Moine rocks – 1 billion to 870 million years old Lower layer
3. Grampian Highlands Cairngorm rocks – 400 million years old Crystalline rocks, interlocking and coarse-grained. Mineralogically composed of quartz and feldspar, which are randomly orientated. Relatively undeformed and approximately 400 mya. Dalradian rocks – 750 – 480 million years old A mixture of rocks which have been intensely folded and metamorphosed. Repeated fining-upward sequences, with coarse-grained sands at the base often with flute casts and tool marks, and fine-grained silts and clays at the top. Hard and re-crystalline in places. Lochranza, Isle of Arran – Greenish tinge to rocks. Fine-grained and re-crystalline. Chlorite mica minerals which are clearly aligned. Ballachulish, Glencoe – dark grey and black in colour, very fine-grained. Re-crystalline muscovite mica minerals. Fine layering visible throughout rock. Tay Nappe Complex overfolds and huge nappes. Locally geology has become inverted. Trend of fold axis is NE to SW, with fold amplitudes of up to 10km from trough to crest.
5. Southern Uplands Fossils are restricted to the fine sediments, where dead animal remains would have been preserved by slow accumulation of mud in an oxygen-deficient environment. The most abundant fossils are the graptolites. No fossils occur in the greywackes. Southern Uplands – 470 -420 million years old Rocks have been weakly metamorphosed. Great majority of older rocks are coarse-grained greywackes with smaller amounts of finer siltstones, mudstones, shale, volcanic ash and lavas. Metamorphism of fine-grained rocks (mudstone and shale) has produced slate. Greywacke, a grey, black, dark-green or deep-purplish hard rock, is coarse-grained and poorly sorted. It contains angular fragments of quartz, feldspar, ferromagnesian minerals and igneous and metamorphic rock fragments held together in a dark mud or clay matrix. Low grade metamorphism has re-crystallised the cement to produce a tough hard rock which often looks like an igneous rock.
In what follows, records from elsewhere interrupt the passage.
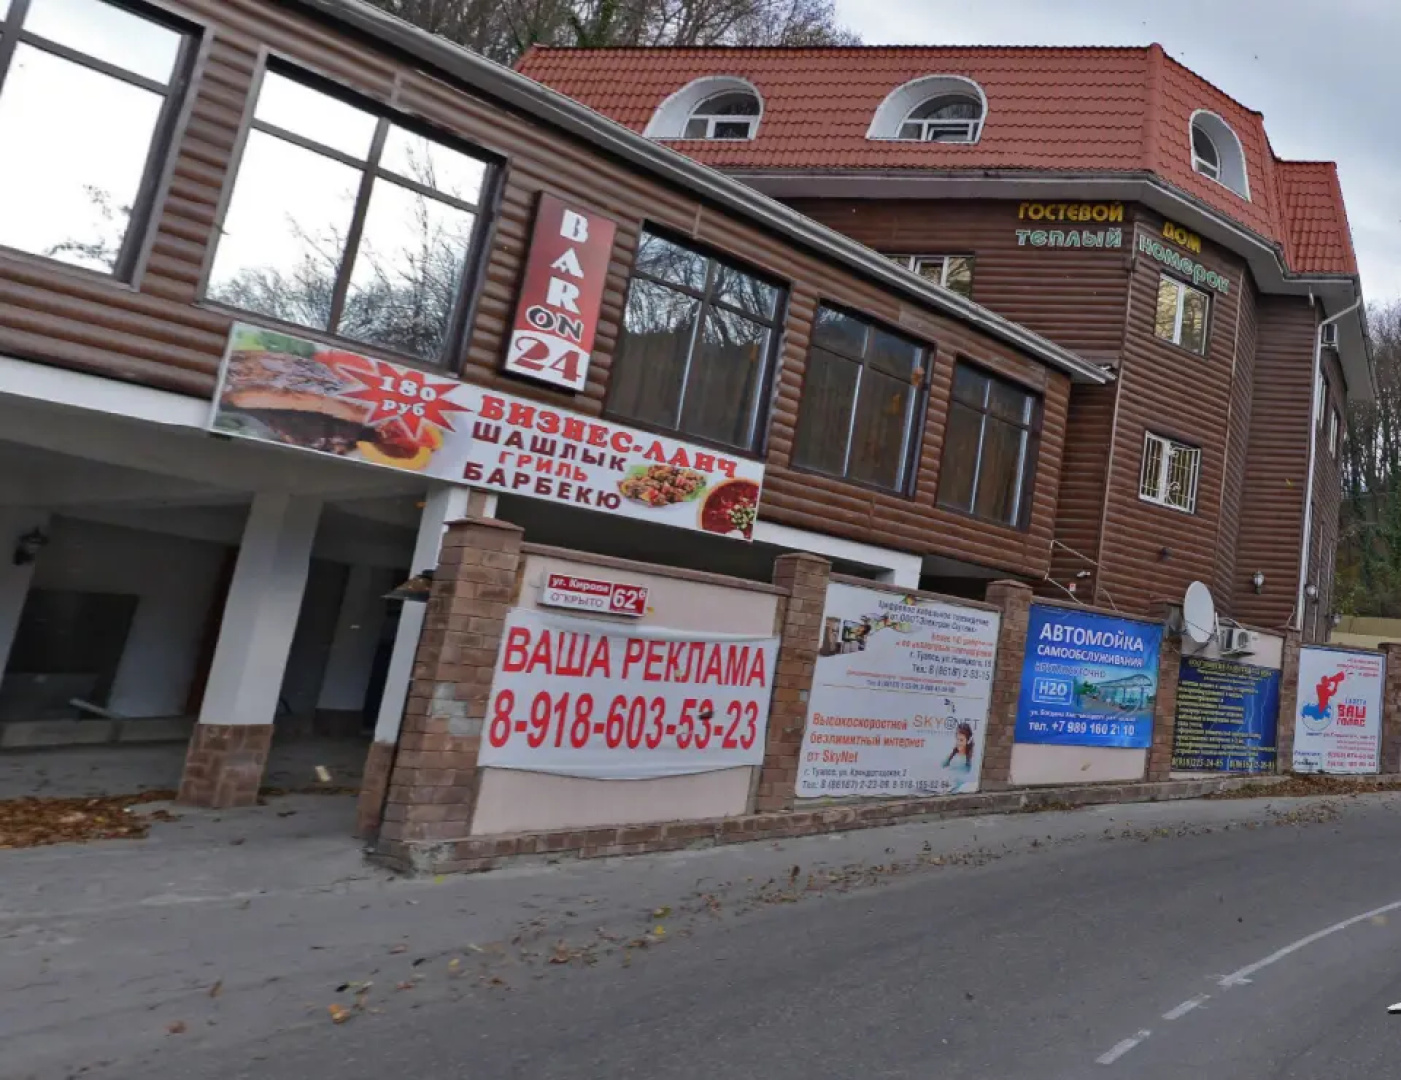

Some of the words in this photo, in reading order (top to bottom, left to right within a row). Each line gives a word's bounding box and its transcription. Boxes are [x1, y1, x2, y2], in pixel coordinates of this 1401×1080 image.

[1018, 202, 1123, 223] ГОСТЕВОЙ
[1162, 221, 1202, 253] ДОМ
[513, 336, 583, 382] 24
[379, 376, 437, 402] 180
[381, 399, 426, 417] руб
[472, 421, 628, 473] ШАШЛЫК
[478, 394, 738, 478] БИЗНЕС-ЛАНЧ
[498, 450, 589, 483] ГРИЛЬ
[462, 461, 621, 510] БАРБЕКЮ
[568, 578, 610, 593] Кирова
[1039, 622, 1144, 652] АВТОМОЙКА
[502, 625, 612, 679] ВАША
[621, 637, 766, 688] РЕКЛАМА
[1037, 644, 1144, 668] САМООБСЛУЖИВАНИЯ
[1038, 681, 1068, 696] H2O
[489, 689, 760, 750] 8-918-603-53-23
[1337, 704, 1367, 718] ВАШ
[809, 731, 881, 746] безлимитный
[883, 737, 926, 750] интернет
[1029, 721, 1049, 732] тел.
[1051, 720, 1066, 732] +7
[1067, 722, 1087, 734] 989
[1123, 725, 1135, 735] 10
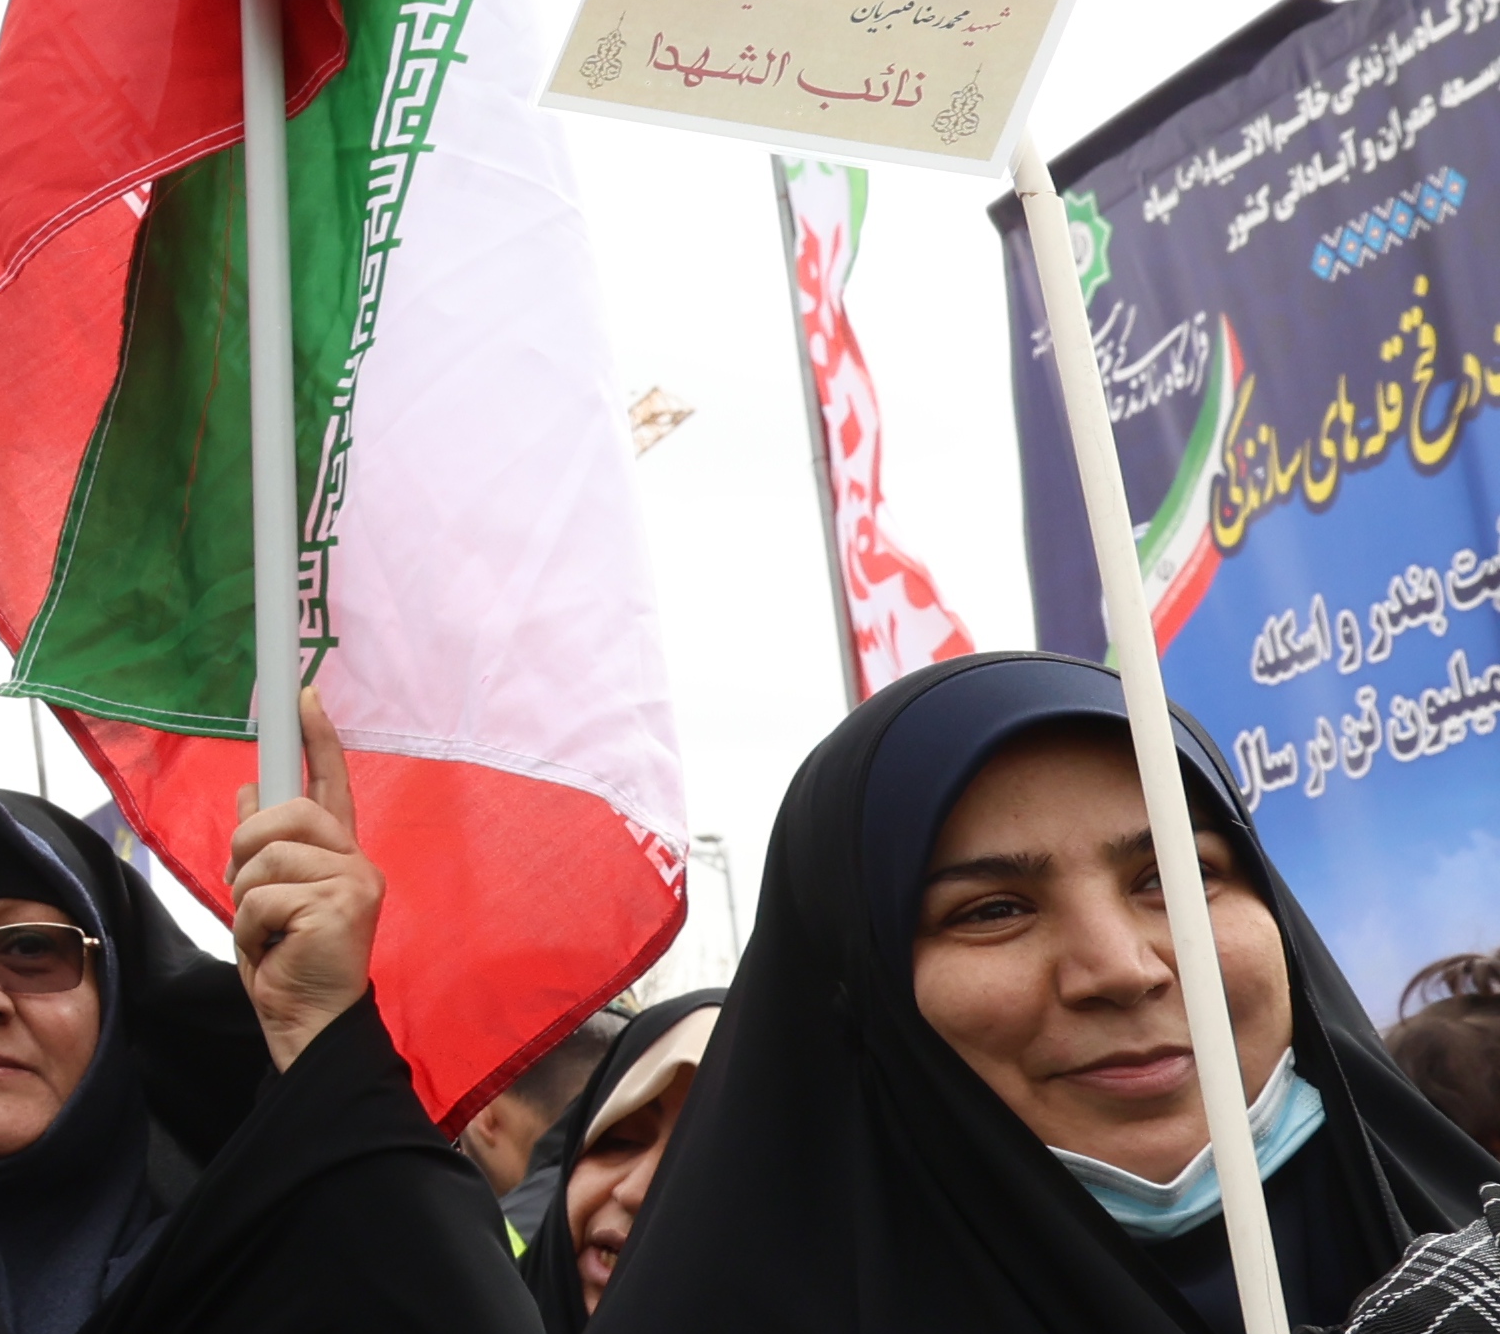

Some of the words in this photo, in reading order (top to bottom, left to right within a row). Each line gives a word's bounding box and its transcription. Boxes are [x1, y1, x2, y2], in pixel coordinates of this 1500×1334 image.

[646, 31, 791, 88] الشهدا
[960, 7, 1011, 47] شهید
[797, 62, 927, 111] نائب
[1332, 30, 1417, 116] سازندگی
[1360, 137, 1378, 174] و
[1376, 93, 1438, 161] عمران
[1273, 126, 1358, 223] آبادانی
[1226, 183, 1271, 254] کشور
[1211, 372, 1303, 549] سازندگی
[1251, 593, 1333, 685] اسکله
[1336, 608, 1363, 674] و
[1366, 564, 1449, 663] بندر
[1234, 725, 1299, 814] سال
[1305, 716, 1338, 799] در
[1340, 684, 1383, 779] تن
Southern Upland greywackes are divided into 3 main zones, separated by faults that run NE-SW, parallel to the strike of the beds. Overall the beds get younger to the SE. The many NE-SW trending faults all have their downthrow side on the SE. Within each of the 30 or so fault blocks, the oldest beds are on the SE side, but the blocks get progressively older towards the NW. These faults dip towards the NE and get progressively steeper towards the NE.